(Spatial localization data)

* * * * * * *

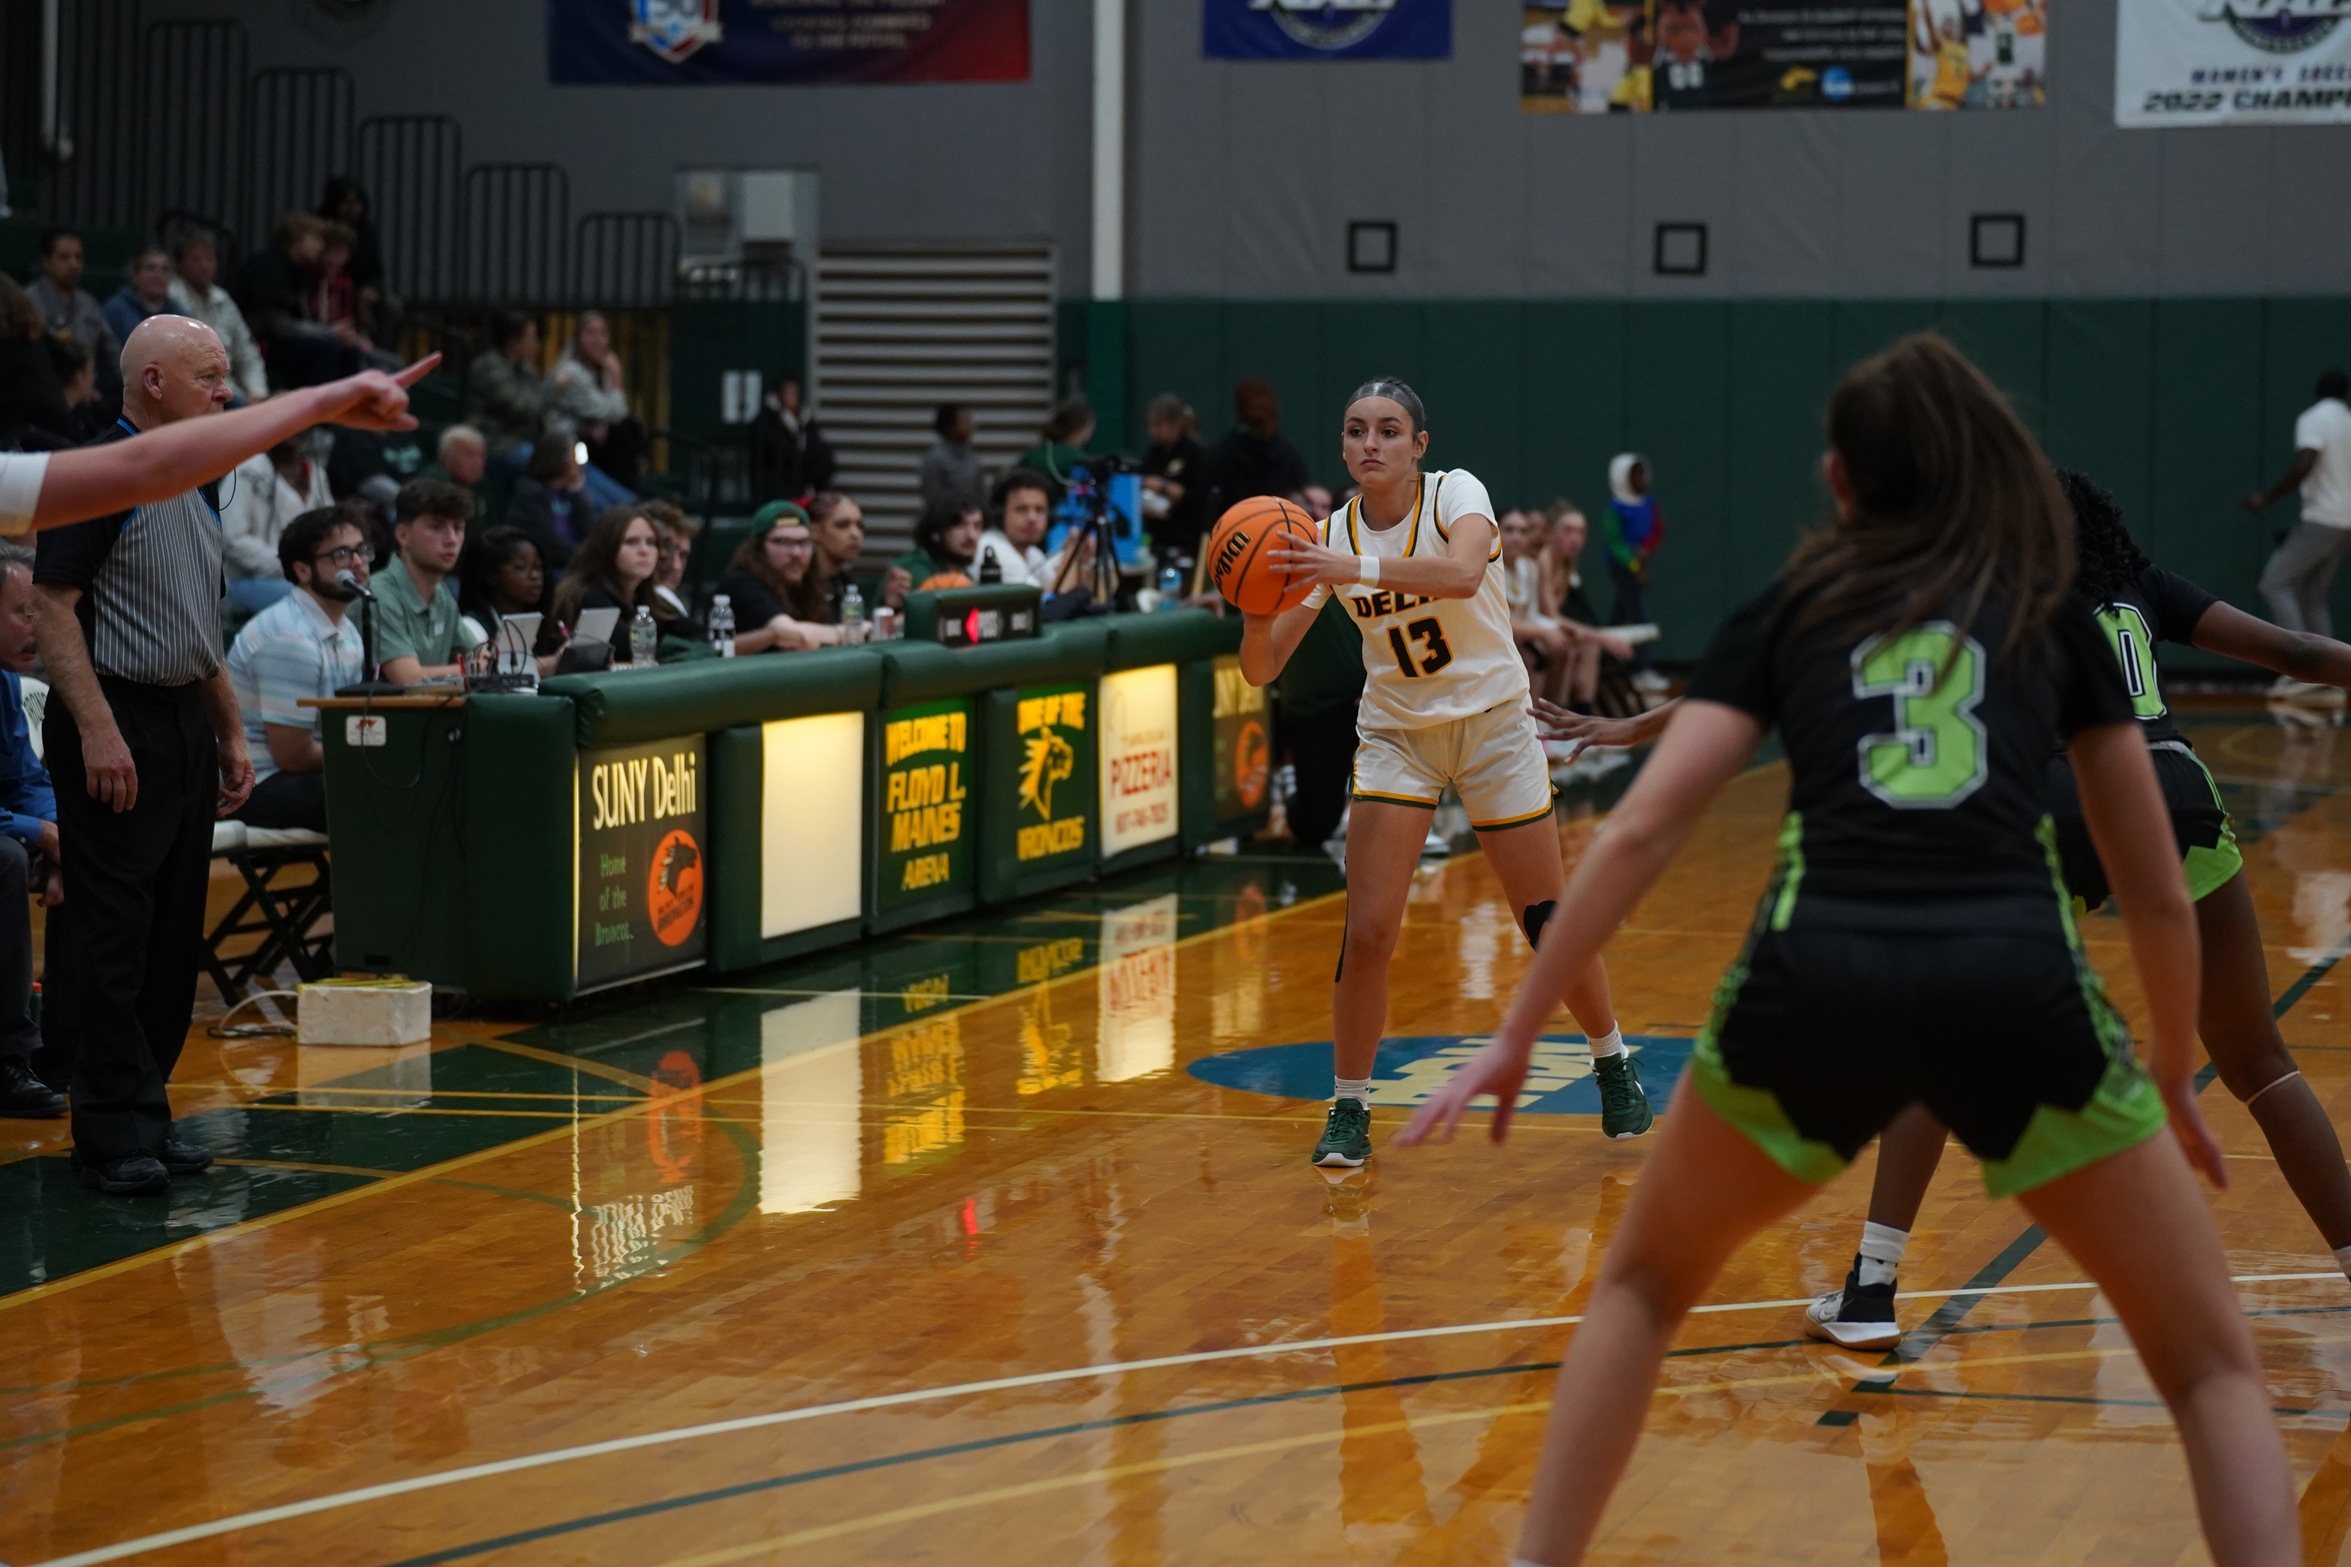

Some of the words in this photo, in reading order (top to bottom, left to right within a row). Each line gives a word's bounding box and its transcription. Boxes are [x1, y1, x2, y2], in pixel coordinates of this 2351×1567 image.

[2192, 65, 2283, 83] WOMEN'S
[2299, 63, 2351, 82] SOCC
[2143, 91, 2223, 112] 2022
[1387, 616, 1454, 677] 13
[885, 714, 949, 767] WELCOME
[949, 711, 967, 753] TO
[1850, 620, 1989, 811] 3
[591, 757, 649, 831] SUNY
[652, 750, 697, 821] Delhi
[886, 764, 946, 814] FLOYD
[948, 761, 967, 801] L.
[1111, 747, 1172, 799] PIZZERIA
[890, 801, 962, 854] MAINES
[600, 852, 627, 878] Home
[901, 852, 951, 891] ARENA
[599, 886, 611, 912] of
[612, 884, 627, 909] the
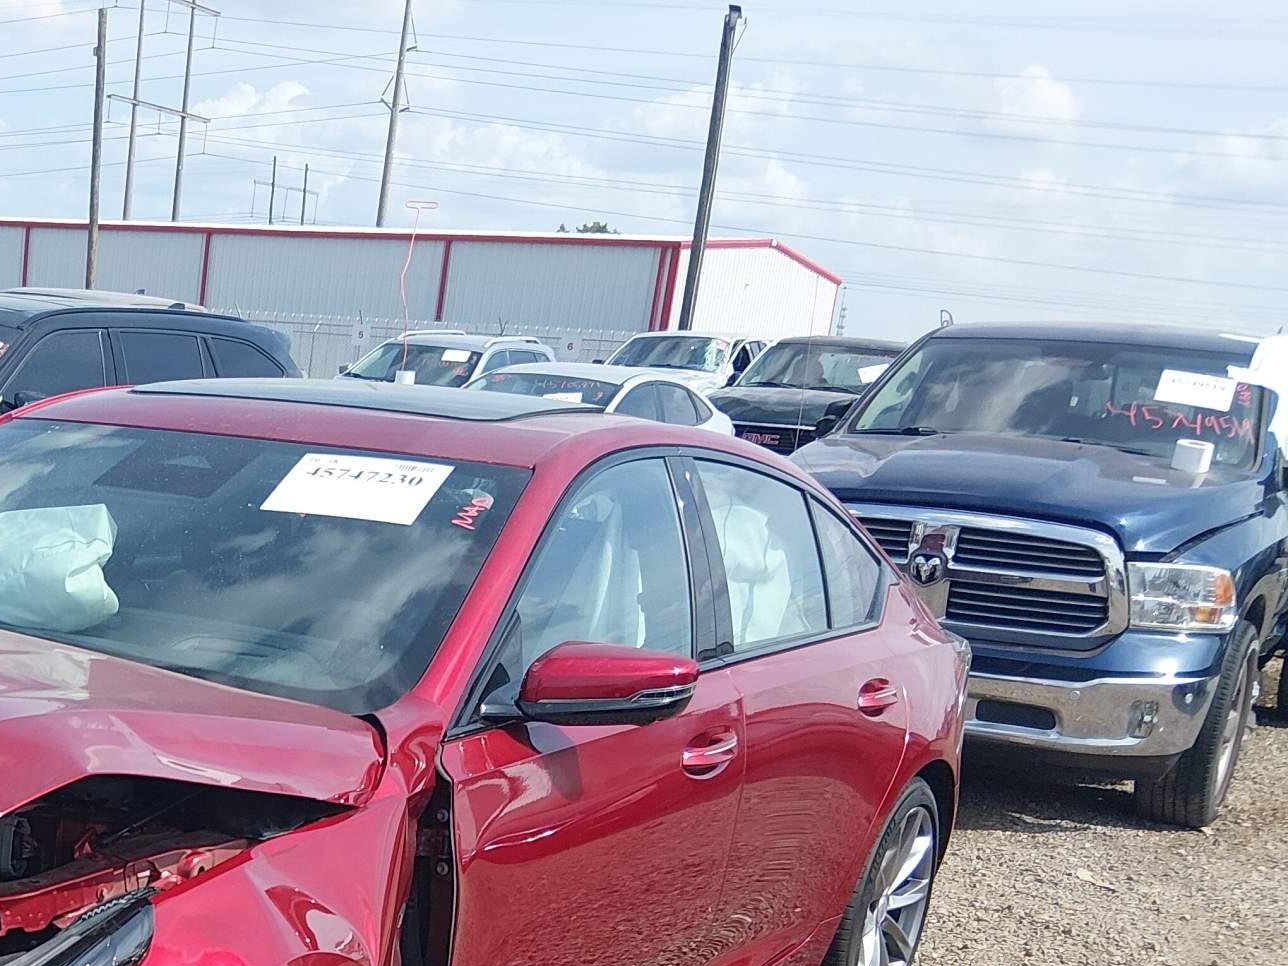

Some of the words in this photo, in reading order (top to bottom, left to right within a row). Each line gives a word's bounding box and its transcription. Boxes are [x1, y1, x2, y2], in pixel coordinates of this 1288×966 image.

* * * * * * *

Copy every entry exactly; drop the pictures.

__RESPONSE TO THIS EXERCISE__:
Some of the words in this photo, in reading order (top to bottom, left to right within a row). Each line gives a word's bounding box and its transcription. Boxes are [x1, y1, x2, y2], in pixel coordinates of this 2351×1567 image.

[2192, 65, 2283, 83] WOMEN'S
[2299, 63, 2351, 82] SOCC
[2143, 91, 2223, 112] 2022
[1387, 616, 1454, 677] 13
[885, 714, 949, 767] WELCOME
[949, 711, 967, 753] TO
[1850, 620, 1989, 811] 3
[591, 757, 649, 831] SUNY
[652, 750, 697, 821] Delhi
[886, 764, 946, 814] FLOYD
[948, 761, 967, 801] L.
[1111, 747, 1172, 799] PIZZERIA
[890, 801, 962, 854] MAINES
[600, 852, 627, 878] Home
[901, 852, 951, 891] ARENA
[599, 886, 611, 912] of
[612, 884, 627, 909] the

Some of the words in this photo, in reading order (top to bottom, left to right within a row). Each line gives a word's bounding box and its transcription. Boxes are [x1, y1, x2, y2], in pixel coordinates of this 1288×966 image.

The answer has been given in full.